Просто удивительно, насколько теплее тут, под одеялом. Ее животик греет не хуже, чем печка. Теперь уж, наверное, седьмой месяц на исходе — Мелли никогда не умела следить за временем. Этим за нее занимались ее служанки.

Но теперь у нее служанок нет. Только двое или трое стражников да беззубая ведьма Грил. Часовых — даже и в железных шлемах, дурно пахнущих и с клинками наголо, — Мелли решительно предпочитала тетушке Грил. Часовые были молчаливы, вежливы — если можно назвать вежливым человека, который тычет пикой тебе в грудь, — и нисколько ею не интересовались. Грил же напоминала собаку, которая вцепилась в кость и не желает ее отдавать. Она насмехалась, издевалась, оскорбляла и все время думала, что бы еще отнять у Мелли. Как будто мало свечей, тепла, ковров, ужина и свежей воды. Теперь Мелли приходилось неделями носить одну и ту же одежду, умываться ледяной озерной водой, грызть кости, которые до нее, похоже, обгладывали собаки, и спать под такими грубыми одеялами, что хоть святой подвижнице впору.

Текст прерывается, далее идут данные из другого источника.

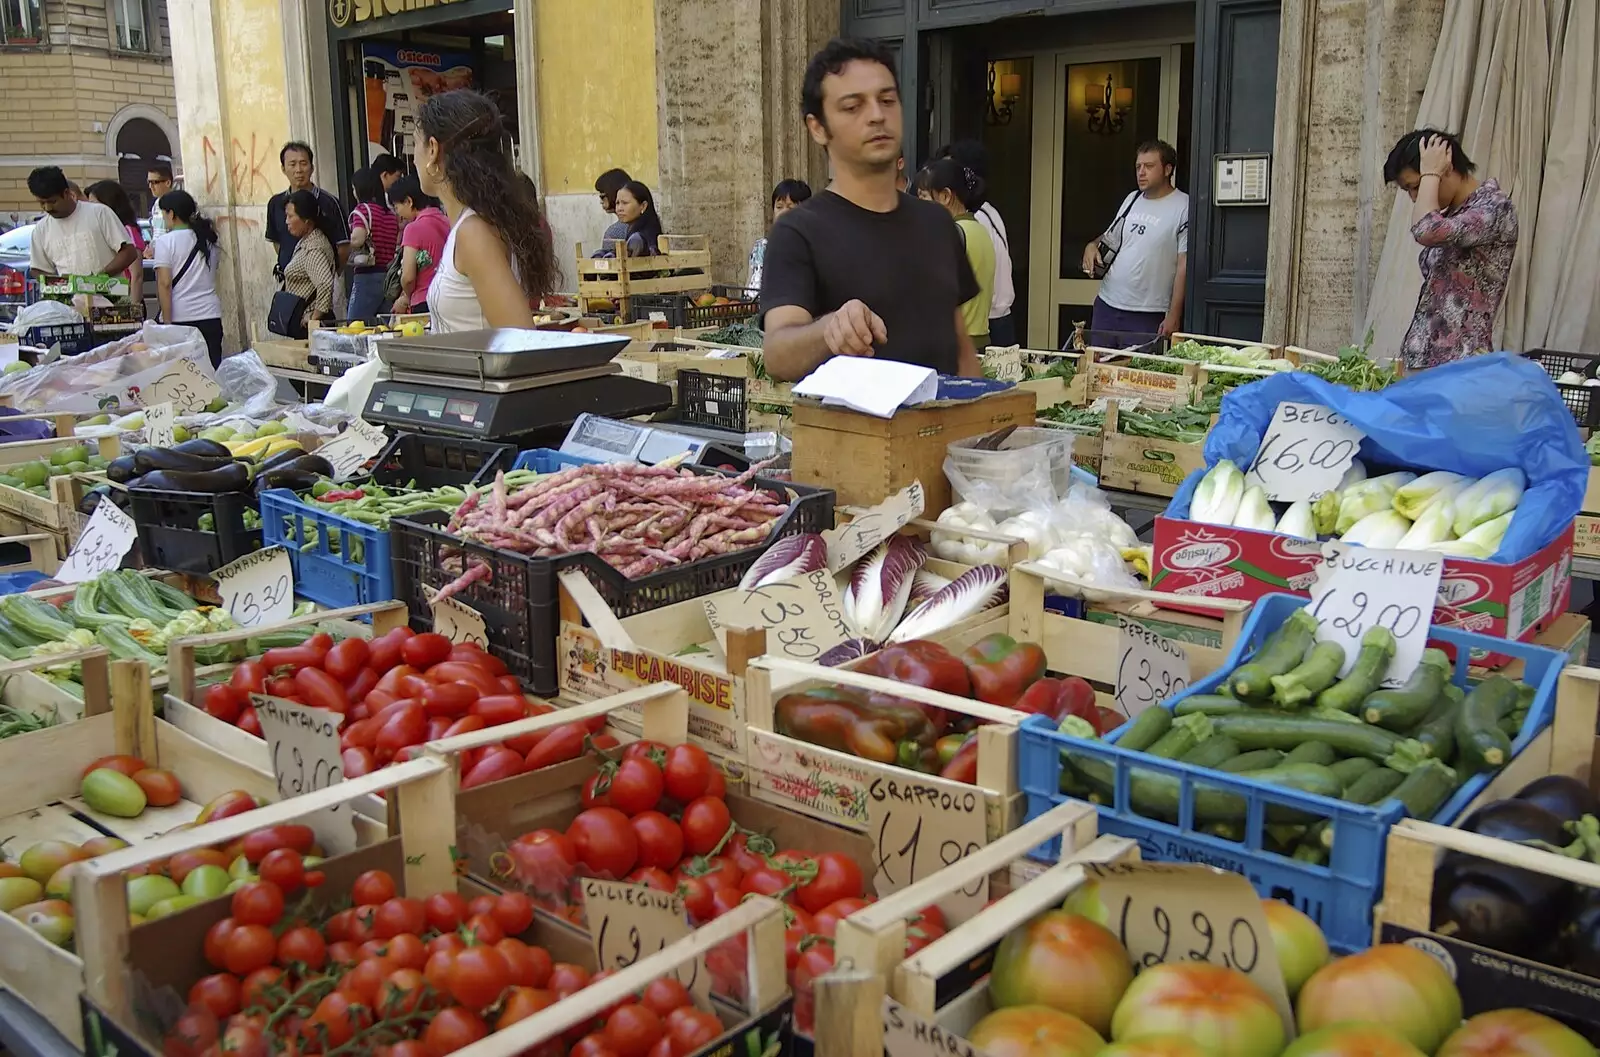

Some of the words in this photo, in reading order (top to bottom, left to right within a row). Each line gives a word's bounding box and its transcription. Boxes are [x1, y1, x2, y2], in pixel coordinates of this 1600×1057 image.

[1130, 223, 1146, 235] 78
[180, 357, 215, 389] ABATE
[1282, 405, 1354, 426] BELG
[634, 650, 732, 710] CAMBISE
[251, 696, 334, 738] PANTANO
[869, 777, 977, 813] GRAPPOLO
[586, 882, 681, 916] CILIEGINE
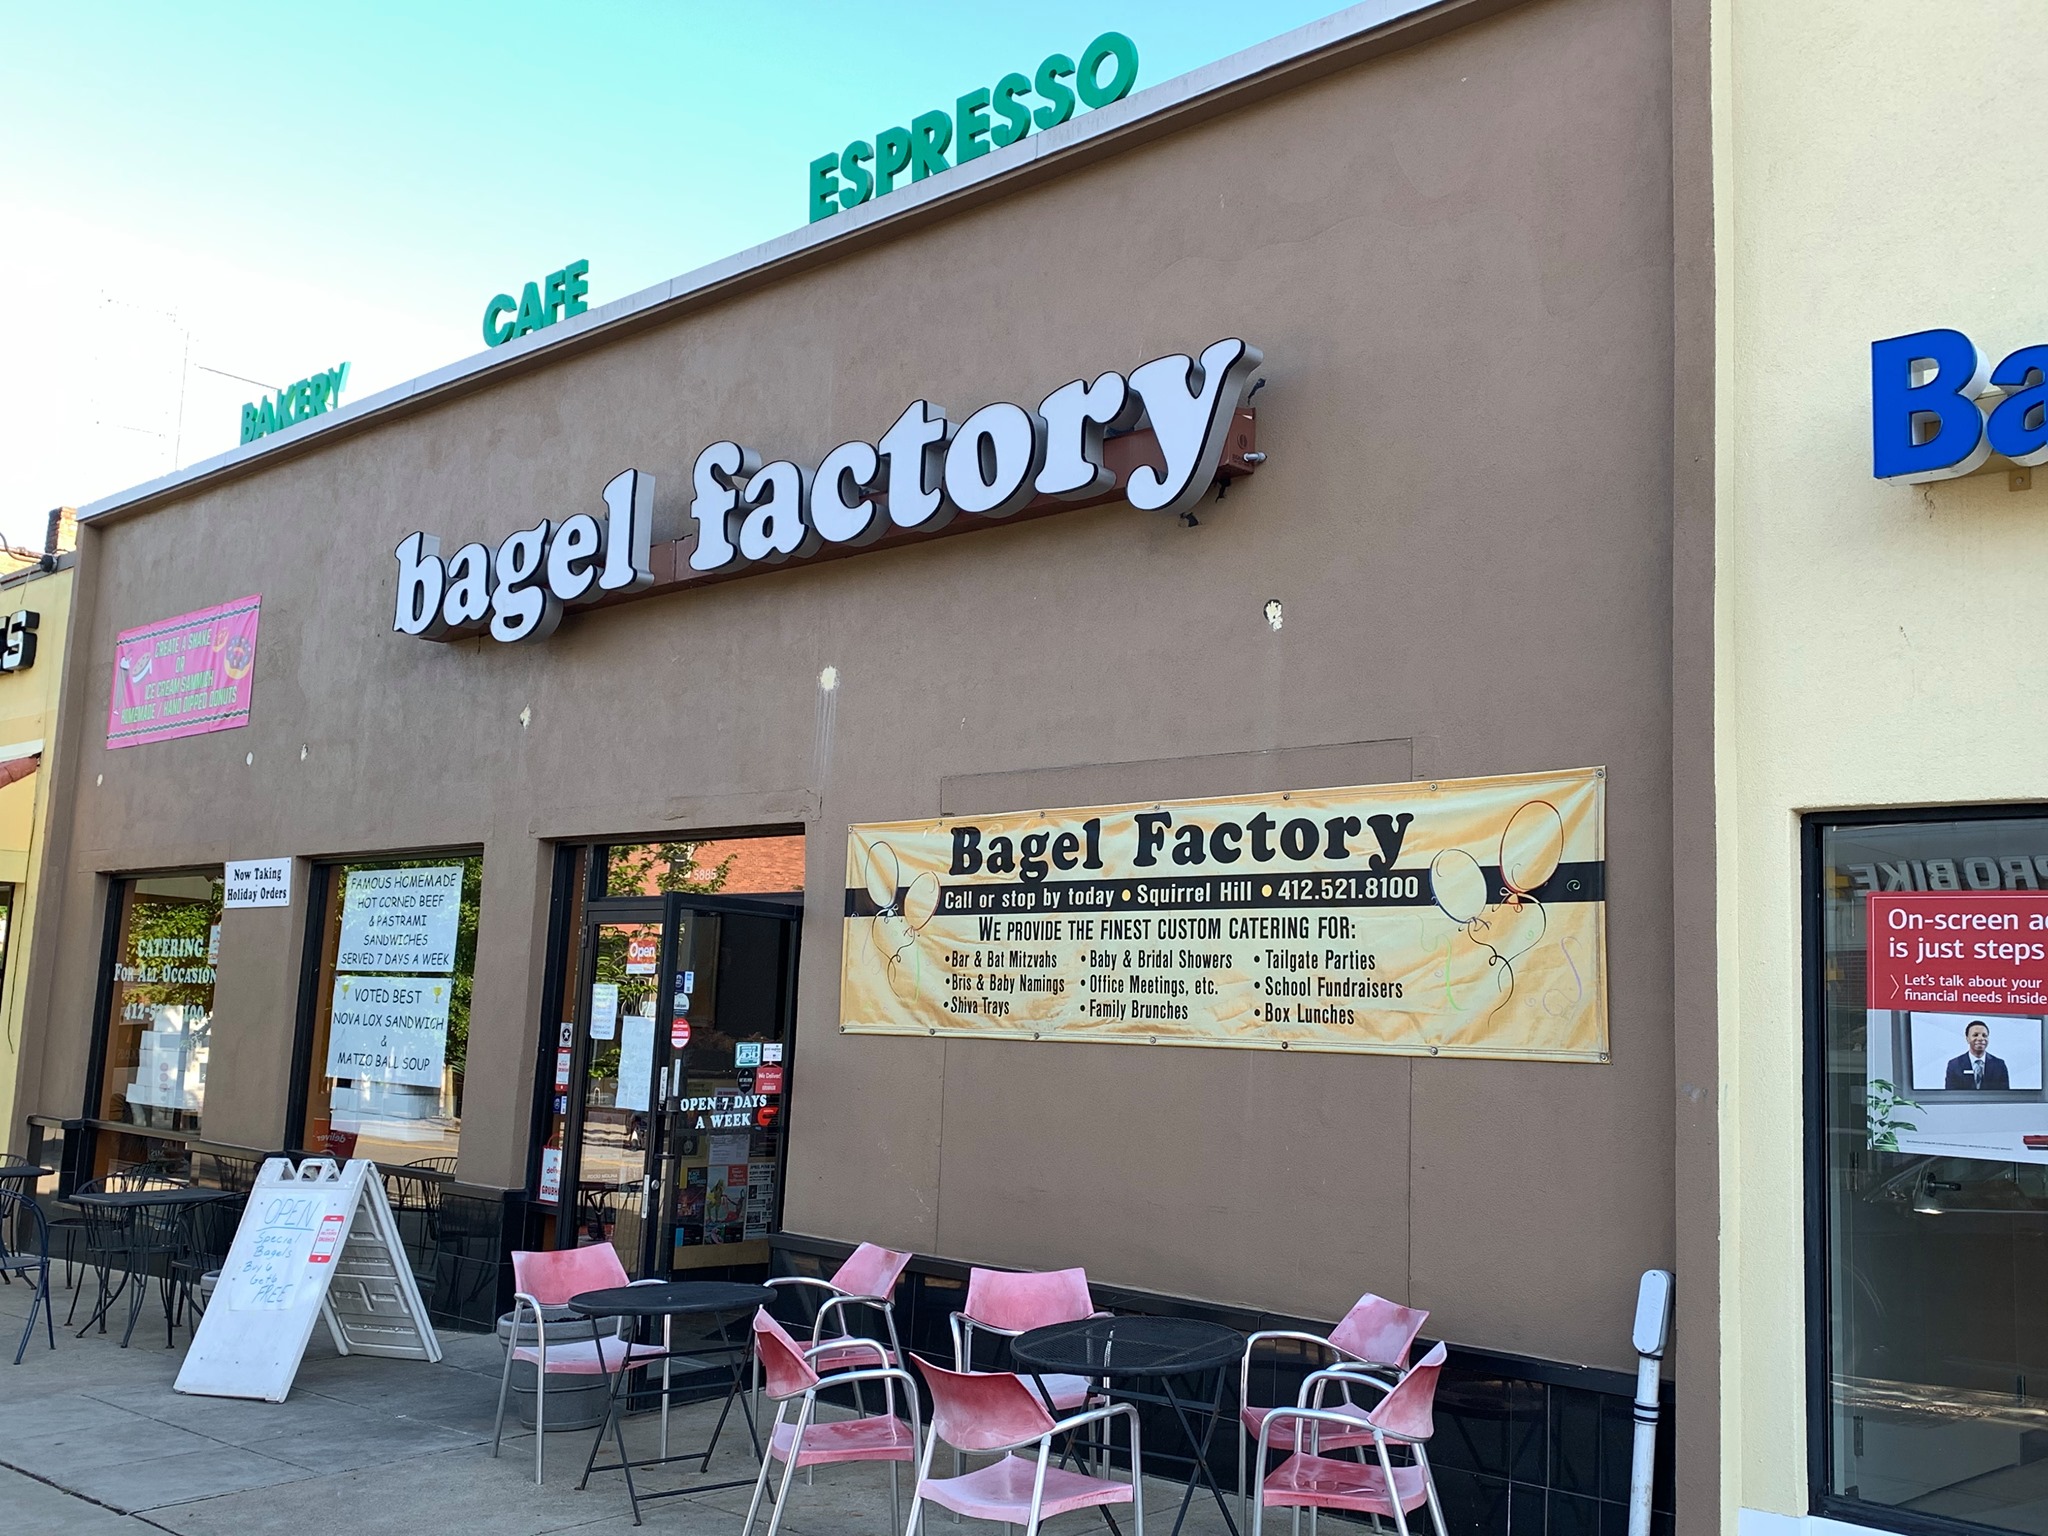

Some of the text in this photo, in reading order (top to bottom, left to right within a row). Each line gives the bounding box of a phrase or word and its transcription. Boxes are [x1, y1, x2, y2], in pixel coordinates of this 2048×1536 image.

[809, 32, 1138, 223] ESPRESSO
[483, 259, 588, 348] CAFE
[240, 361, 351, 445] BAKERY
[394, 337, 1260, 643] bagel factory
[155, 636, 180, 658] CREATE
[188, 628, 212, 650] SHAKE
[209, 685, 237, 707] DONUTS
[949, 812, 1414, 883] Bagel Factory
[233, 866, 282, 883] Now Taking
[351, 873, 457, 890] FAMOUS HOMEMADE
[227, 886, 287, 903] Holiday Orders
[357, 895, 444, 909] HOT CORNED BEEF
[945, 876, 1419, 912] Call or stop by today Squirrel Hill 412.521.8100
[368, 915, 427, 927] & PASTRAMI
[978, 916, 1356, 941] WE PROVIDE THE FINEST CUSTOM CATERING FOR:
[1888, 908, 2019, 930] On-screen
[137, 937, 204, 958] CATERING
[363, 934, 428, 946] SANDWICHES
[341, 952, 450, 966] SERVED 7 DAYS A WEEK
[630, 942, 656, 961] Open
[951, 950, 1057, 968] Bar & Bat Mitzvahs
[1090, 949, 1233, 971] Baby & Bridal Showers
[1889, 936, 2045, 965] is just steps
[1265, 950, 1376, 972] Tailgate Parties
[951, 974, 1065, 996] Bris & Baby Namings
[1090, 975, 1219, 997] Office Meetings, etc.
[1265, 976, 1403, 999] School Fundraisers
[1904, 974, 2042, 991] Let's talk about your
[354, 988, 422, 1004] VOTED BEST
[1904, 989, 2047, 1005] financial needs inside
[950, 996, 1010, 1017] Shiva Trays
[1090, 1000, 1189, 1020] Family Brunches
[1265, 1002, 1355, 1025] Box Lunches
[333, 1012, 444, 1031] NOVA LOX SANDWICH
[380, 1035, 387, 1047] &
[337, 1052, 430, 1071] MATZO BALL SOUP
[680, 1096, 717, 1111] OPEN
[722, 1097, 729, 1110] 7
[733, 1094, 767, 1109] DAYS
[695, 1112, 751, 1129] A WEEK
[264, 1198, 320, 1228] OPEN
[253, 1231, 302, 1244] Special
[253, 1245, 293, 1260] Bagels
[251, 1284, 294, 1304] FREE
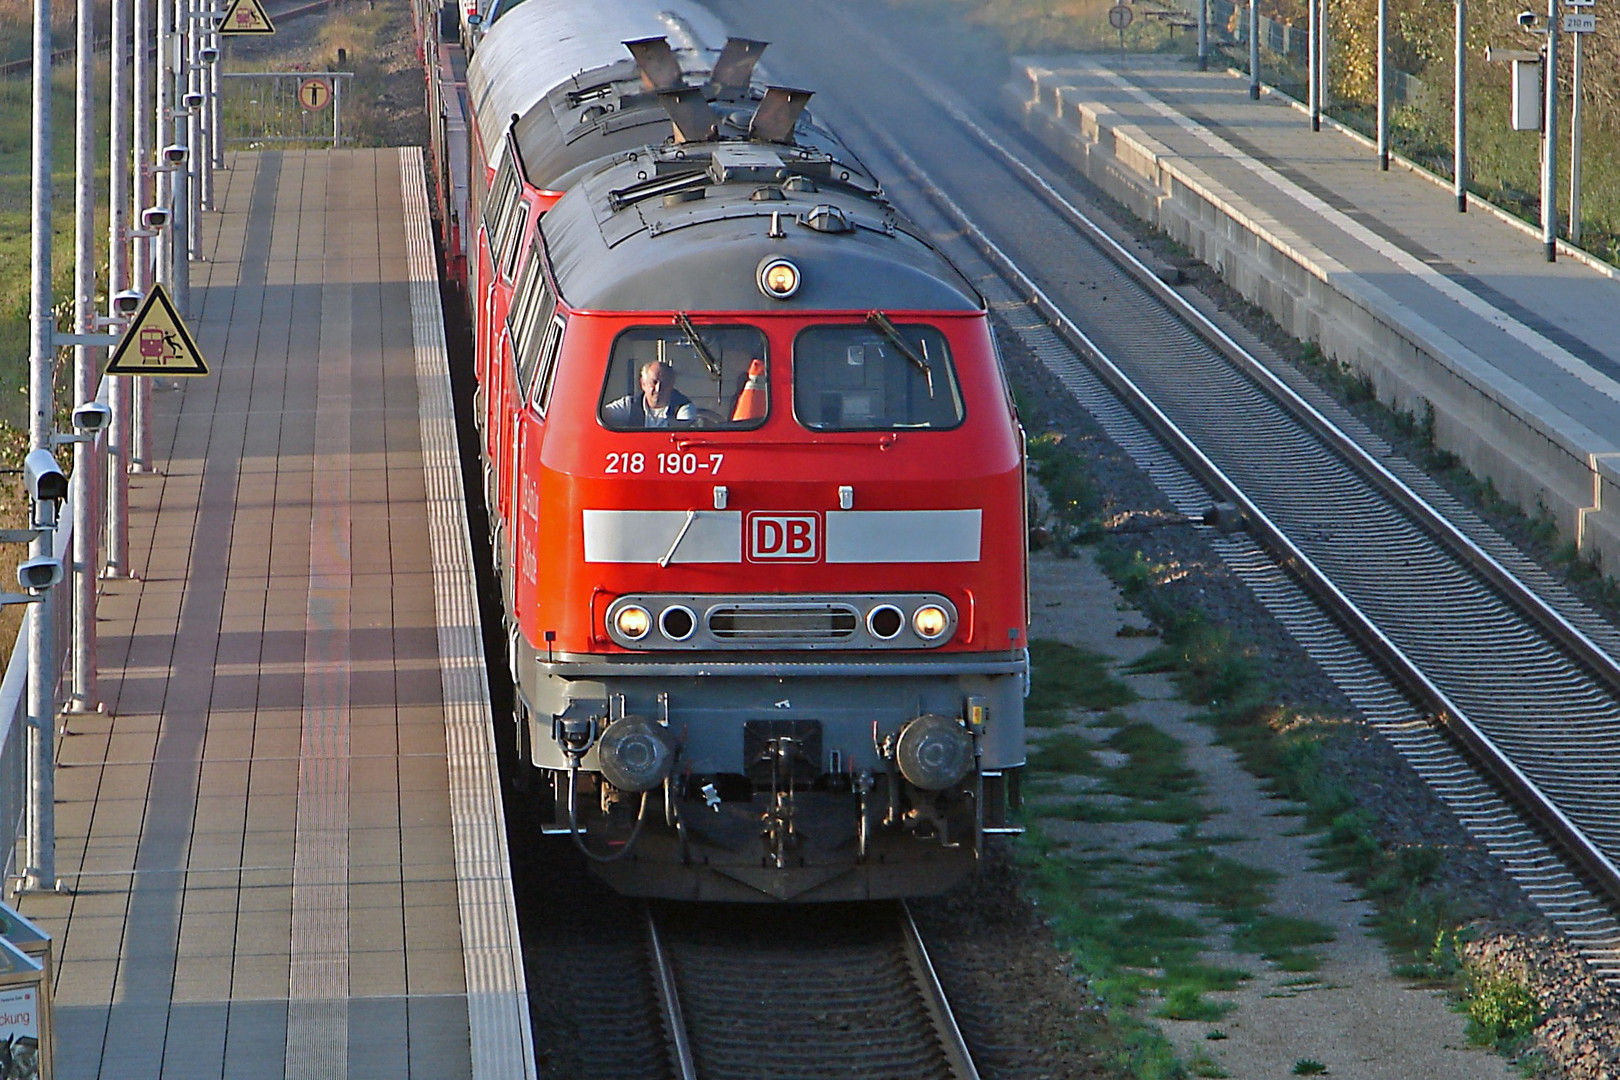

Но Мелли, как оказалось, могла выдержать все это и даже больше. Ее беременность, несмотря ни на что, протекала хорошо, а она сама, если не считать слегка опухших лодыжек и ноющей спины, становилась все крепче день ото дня. Недели сливались в месяцы, и осень сменилась зимой — но то, что шевелилось в ее чреве, давало Мелли волю к жизни.

Мелли любила свою беременность. С ней она не чувствовала себя одинокой. Она обнимала свой живот и разговаривала с Ребенком, обещая ему или ей убежать еще до родов. И это обещание не было праздным. Она знала, чего хочет от нее Кайлок, и не собиралась удовлетворять его желание. Не позволит она Кайлоку использовать ее тело для очищения от грехов. Она никогда не забудет того, что он сделал. Семь дней назад он отдал приказ перебить пять тысяч человек. Он мог бы взять разбитых высокоградцев в плен — но нет, их истребили, изрубили на куски и оставили стыть на равнине к юго-востоку от Брена.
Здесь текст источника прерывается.